Here’s what that actually looks like in practice, and why it matters to educational institutions exploring virtual reality technology.
Virtual reality has existed in some form for decades, but its presence in higher education remained largely peripheral until recently. A convergence of factors has changed that.
Hardware costs have fallen significantly. Headsets that once required institutional budgets now sit within reach of individual departments, and many VR platforms also run on standard laptops or desktop computers, removing the headset as a barrier entirely. At the same time, the COVID-19 pandemic forced universities to reckon with the limits of video conferencing as a substitute for experiential, hands-on learning. Zoom could deliver a lecture. It couldn’t put a student in a hospital ward, a courtroom, or a laboratory.

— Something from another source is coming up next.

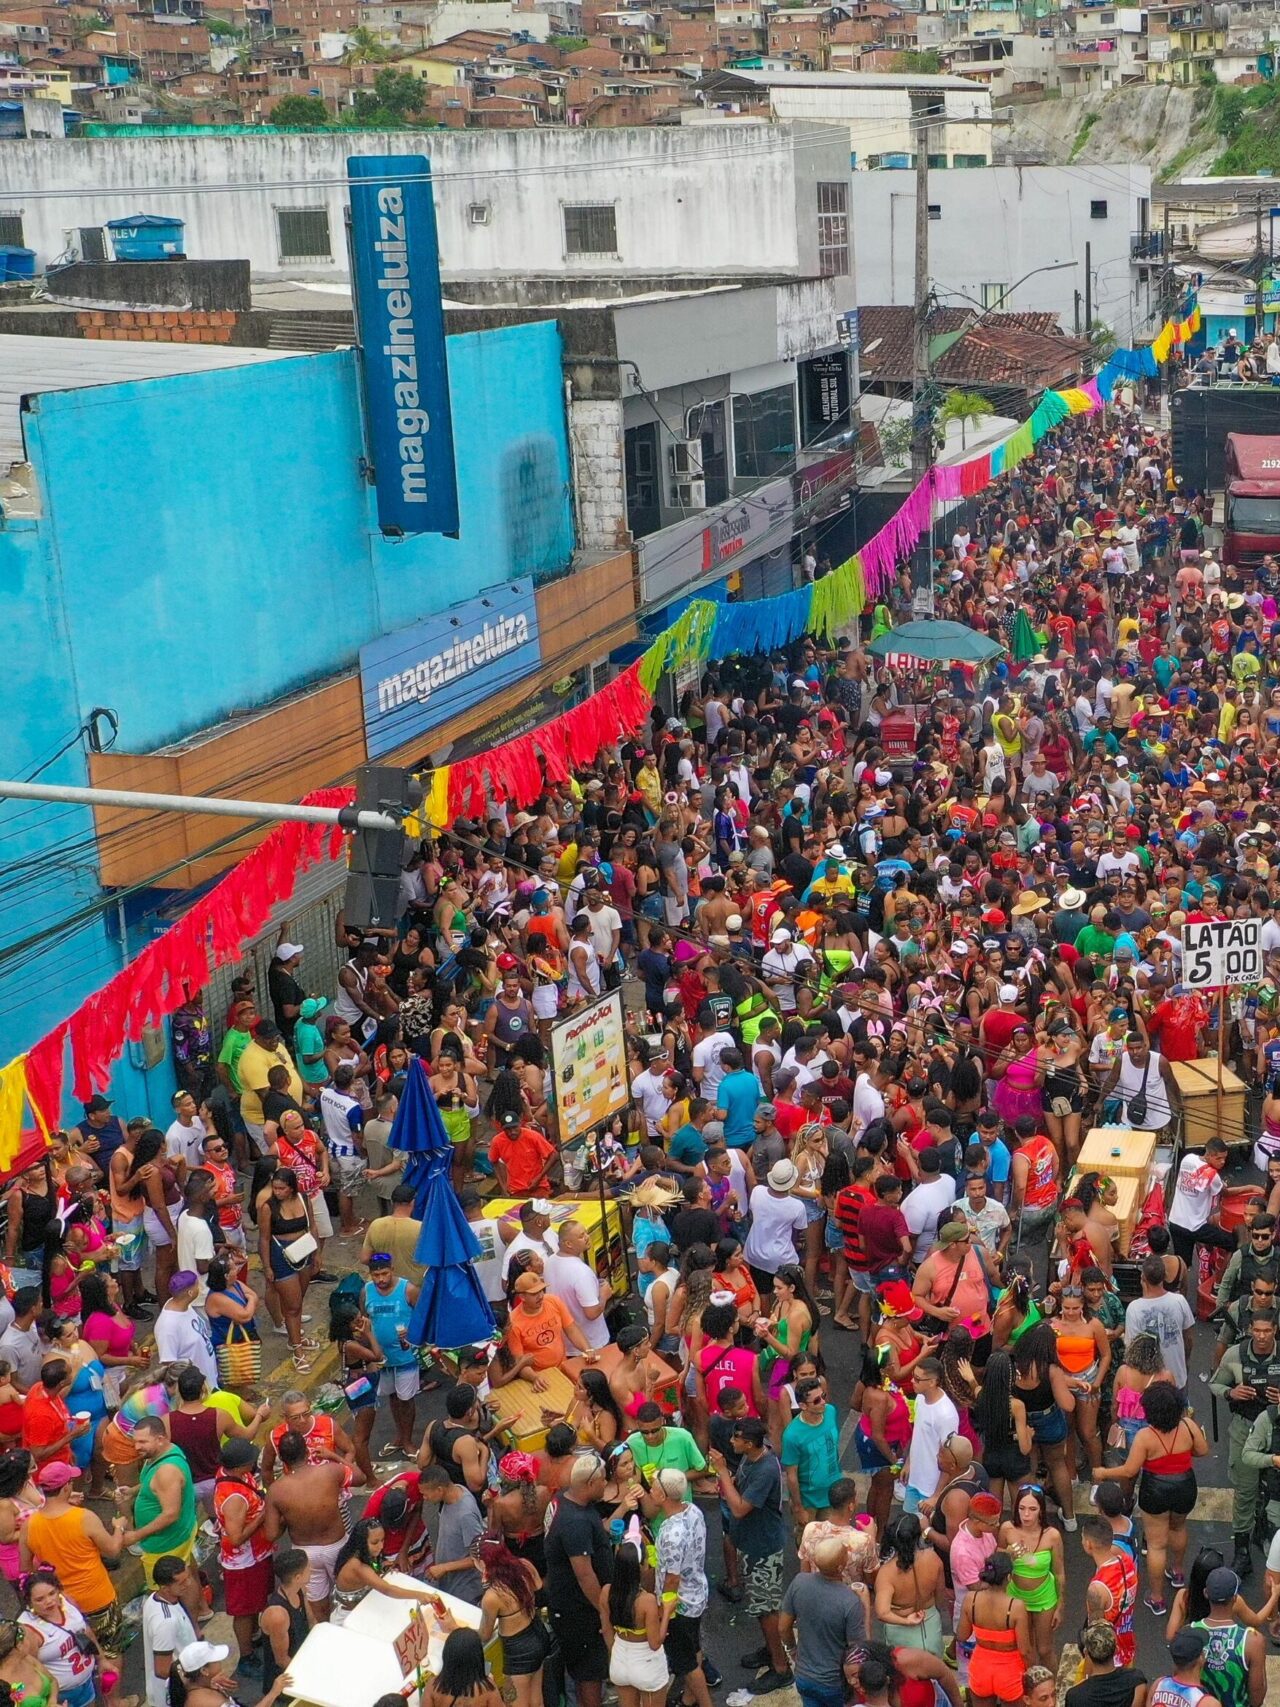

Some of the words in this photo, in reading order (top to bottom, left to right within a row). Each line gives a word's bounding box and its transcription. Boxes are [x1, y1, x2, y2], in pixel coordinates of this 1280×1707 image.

The evidence base has also strengthened. Research published by PwC found that VR-based training can be four times faster and 52% cheaper than traditional methods at scale. A study by the Council of Deans of Health concluded that simulation-based education consistently outperforms traditional clinical education in improving knowledge, clinical judgment, critical thinking, and clinical competencies. Surveys of educators paint a similar picture: 93% of teachers believe VR improves teaching quality and student engagement.
The market reflects this momentum. The global AR and VR in education sector was valued at around $11.9 billion in 2023 and is projected to reach $75 billion by 2033. What was once a research curiosity is becoming standard infrastructure.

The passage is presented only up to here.